Syslog still looks normal and good. I even wrote some I/O to the mountpoint:

$ sudo dd if=/dev/random of=/mnt/test.dat bs=1M count=32
32+0 records in
32+0 records out
33554432 bytes (34 MB, 32 MiB) copied, 0.0984983 s, 341 MB/s
$ sudo touch /mnt/hello.txt
$ ls /mnt/
hello.txt  test.dat

And then unmounted, unmapped and removed the RAM drive.

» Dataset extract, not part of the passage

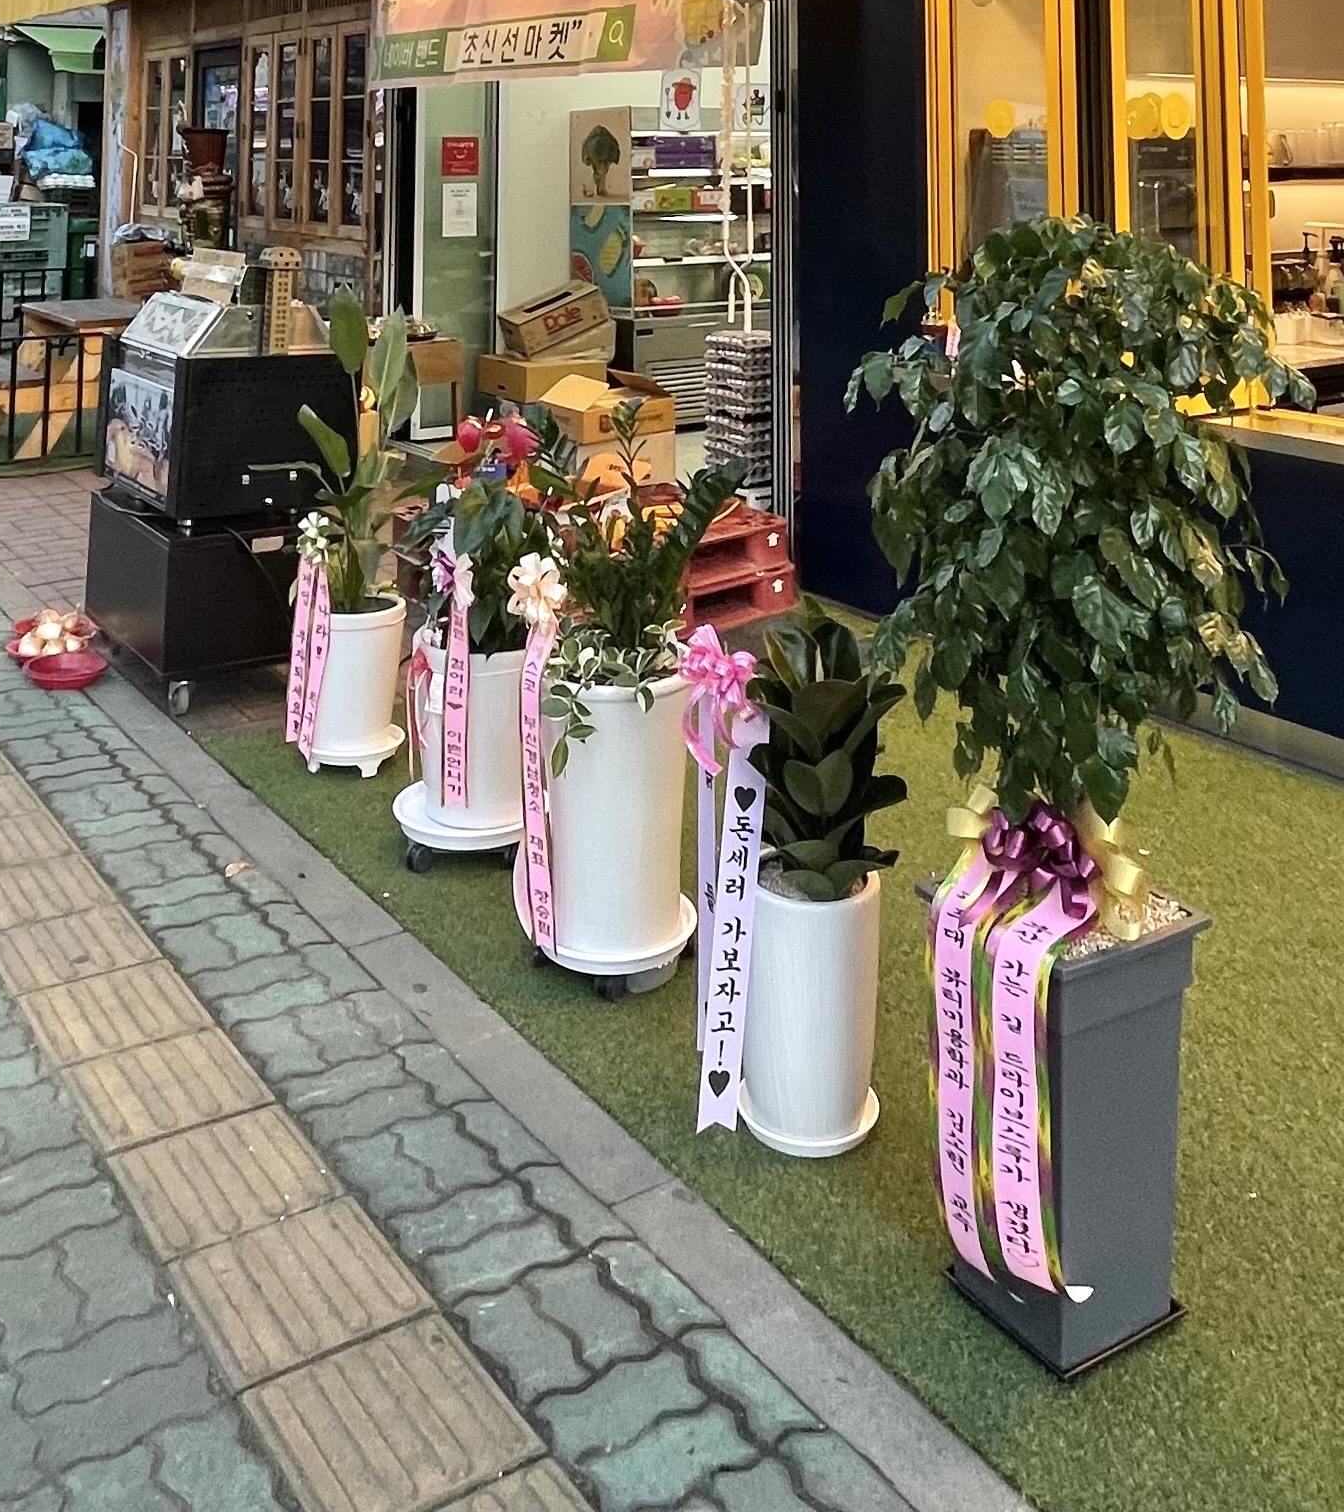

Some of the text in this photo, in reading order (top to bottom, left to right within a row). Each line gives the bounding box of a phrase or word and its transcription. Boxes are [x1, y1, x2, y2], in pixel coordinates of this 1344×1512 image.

UUIDs still look good:

$ blkid
/dev/mapper/ubuntu--vg-ubuntu--lv: UUID="c1d274d6-a690-49cc-b66d-537e1fda1739" BLOCK_SIZE="4096" TYPE="ext4"
/dev/sda2: UUID="f658e69d-0ee1-4760-876a-60bc93f31256" BLOCK_SIZE="4096" TYPE="ext4" PARTUUID="c7303a2e-837c-451e-a972-e48ee9609cef"
/dev/sda3: UUID="nBo1gb-s10F-Epi0-HznV-OIuD-rGjQ-RAt43O" TYPE="LVM2_member" PARTUUID="e44d52dc-8756-4d5e-998d-765ca7209a84"
/dev/loop3: LABEL="data" UUID="f8cb4fed-7831-4637-9b28-f3fdbeae5b13" UUID_SUB="343a6972-7195-4d9c-8ba3-cda792a7e683" BLOCK_SIZE="4096" TYPE="btrfs"
/dev/loop4: LABEL="data" UUID="f8cb4fed-7831-4637-9b28-f3fdbeae5b13" UUID_SUB="594cee0c-9fb1-404c-8a5b-f8fa79a7905e" BLOCK_SIZE="4096" TYPE="btrfs"
/dev/loop1: TYPE="squashfs"
/dev/loop2: TYPE="squashfs"
/dev/loop0: TYPE="squashfs"

Then I remount the filesystem by the normal loopback device two different ways with its UUID:

$ sudo mount /dev/disk/by-uuid/f8cb4fed-7831-4637-9b28-f3fdbeae5b13 /mnt/
<unmount and remounted>
$ sudo mount -t btrfs UUID="f8cb4fed-7831-4637-9b28-f3fdbeae5b13" /mnt/

Again, no issues.

Note that I am using btrfs-progs version 6.2-1:

$ sudo aptitude show btrfs-progs
Package: btrfs-progs
Version: 6.2-1

After some digging, I did find posts complaining about missing sub-UUID which existed in btrfs-progs versions 6.0 and early 6.1. This Bugzilla link shows that one related bug was addressed by RedHat in version 6.1.2: https://bugzilla.redhat.com/show_bug.cgi?id=2156710.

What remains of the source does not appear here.